2.1. Initial investigations

A female infant was born at 40 weeks gestation by normal vaginal delivery with a birth weight of 3.9kg. There were no neonatal problems and she was discharged home with her mother at 24 hours. She was initially breast fed but after 6 weeks she was changed to a standard milk formula feed. From that time she started having episodes of vomiting and her weight gain was poor. Cow's milk protein intolerance was suspected and she was changed to a soya milk preparation but without improvement. At 4 months she was admitted to hospital with a 4 day history of becoming increasingly lethargic. On examination she is sleepy but rousable. She is visually alert but not smiling. Her liver is palpable at 4 cm below the right costal margin. Her pulse is 100/min, respiratory rate 30/min and capillary refill time (CRT) 2 seconds. Her weight is 5.8 kg.

Initial investigations are as follows:

 

She is commenced on IV antibiotics and fluids. After 6 hours there is no improvement. Further samples are taken:

Blood lactate 2.8 mM

Blood ammonia 340 μM

A level of 340 μmol/l is well above normal for a 4 month old infant. Although blood ammonia can be increased in severe illness such as sepsis a level in excess of 150 to 180 μmol/l is likely to reflect a defect in ammonia removal. As the ammonia is high repeat the level (remember the problems that might occur with ammonia level measurement both in the lab and during blood sampling and transport) and immediately start specific treatment. The earlier that treatment is started the more likely a good outcome will be achieved. Then you can begin to investigate as to the exact cause of the hyperammonaemia.

In order to consider the appropriate treatment you need to have knowledge of the outcome for infants and children with hyperammonaemia and what factors can affect this outcome. To find out you might like to conduct a Pub Med search using the terms 'urea [ti] cycle [ti] outcome [ti]'. To help you, four references are listed in the reference section at the end of the course—Ref 18-21

COMMENTARY

The literature points out that the long term outcome for severe hyperammonaemia is poor. However, aggressive and appropriate treatment may ameliorate this, particularly if started sufficiently early. In this child the ammonia is below 350 μmol/l and the presentation is outside the newborn period so that the outcome may be good. Repeat the measurement of blood ammonia but this should not delay the start of specific and immediate treatment. At this stage the actual cause of the hyperammonaemia is of less importance than immediate treatment, particularly since the results of other investigations will take hours or days to become available. However since it is important for you to have a good understanding of the inborn errors that can cause hyperammonaemia we will consider these now before returning to immediate management.

A thorough patient history is very often a good way to narrow down the possible diagnosis.

The mother tells you that she and her partner are not consanguineous. She has a healthy daughter aged 4 years. However her first 2 children, both boys, died in the newborn period.
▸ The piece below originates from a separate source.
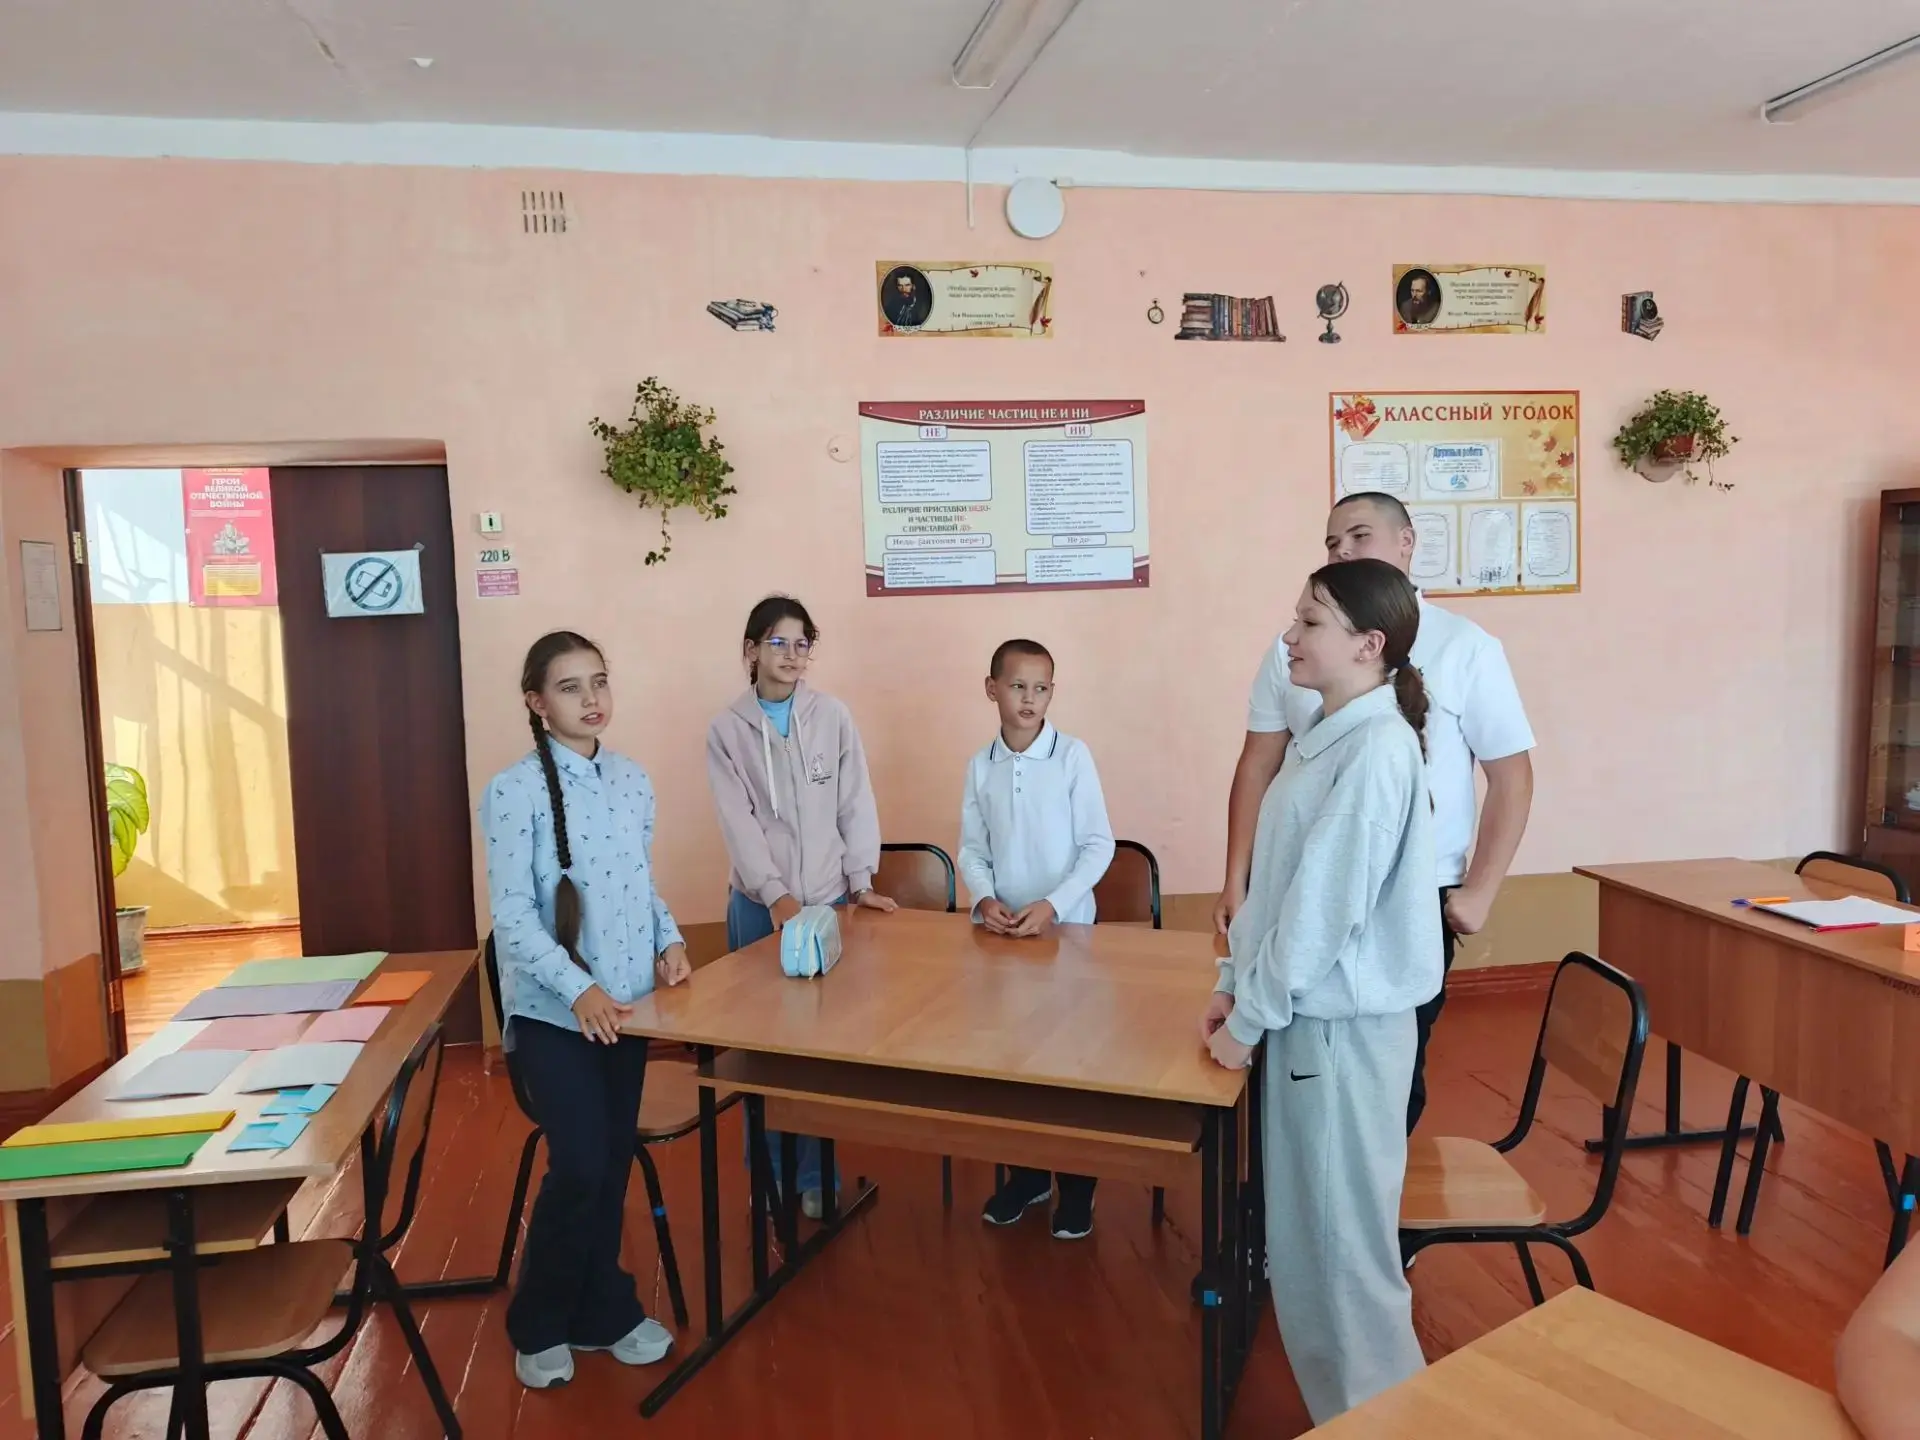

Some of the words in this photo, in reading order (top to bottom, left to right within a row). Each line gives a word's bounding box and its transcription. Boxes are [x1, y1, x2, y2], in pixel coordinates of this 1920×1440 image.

The first boy was born prematurely at 30 weeks gestation and was said to have succumbed to necrotising enterocolitis. The second child died at 2 weeks of age from a cerebral haemorrhage.

Significant hyperammonaemia in infants is most commonly caused by inherited metabolic disorders but not just enzyme deficiencies of the urea cycle.

The diagnosis of a primary urea cycle enzyme deficiency can often be ascertained from a few biochemical investigations:

  1. Urine orotic acid
  2. Plasma amino acids or urine amino acids

Other metabolic investigations including urine organic acid and blood acylcarnitine analysis are necessary to exclude secondary causes such as an organic acidaemia or a disorder of fat oxidation.

In our patient, urine organic acids and blood acylcarnitines showed no evidence of either an organic acidemia or a fat oxidation disorder. Orotic acid was increased in urine and plasma citrulline was low, suggesting a diagnosis of OCT deficiency. The diagnosis can usually be confirmed by mutation analysis, avoiding the need for a liver biopsy.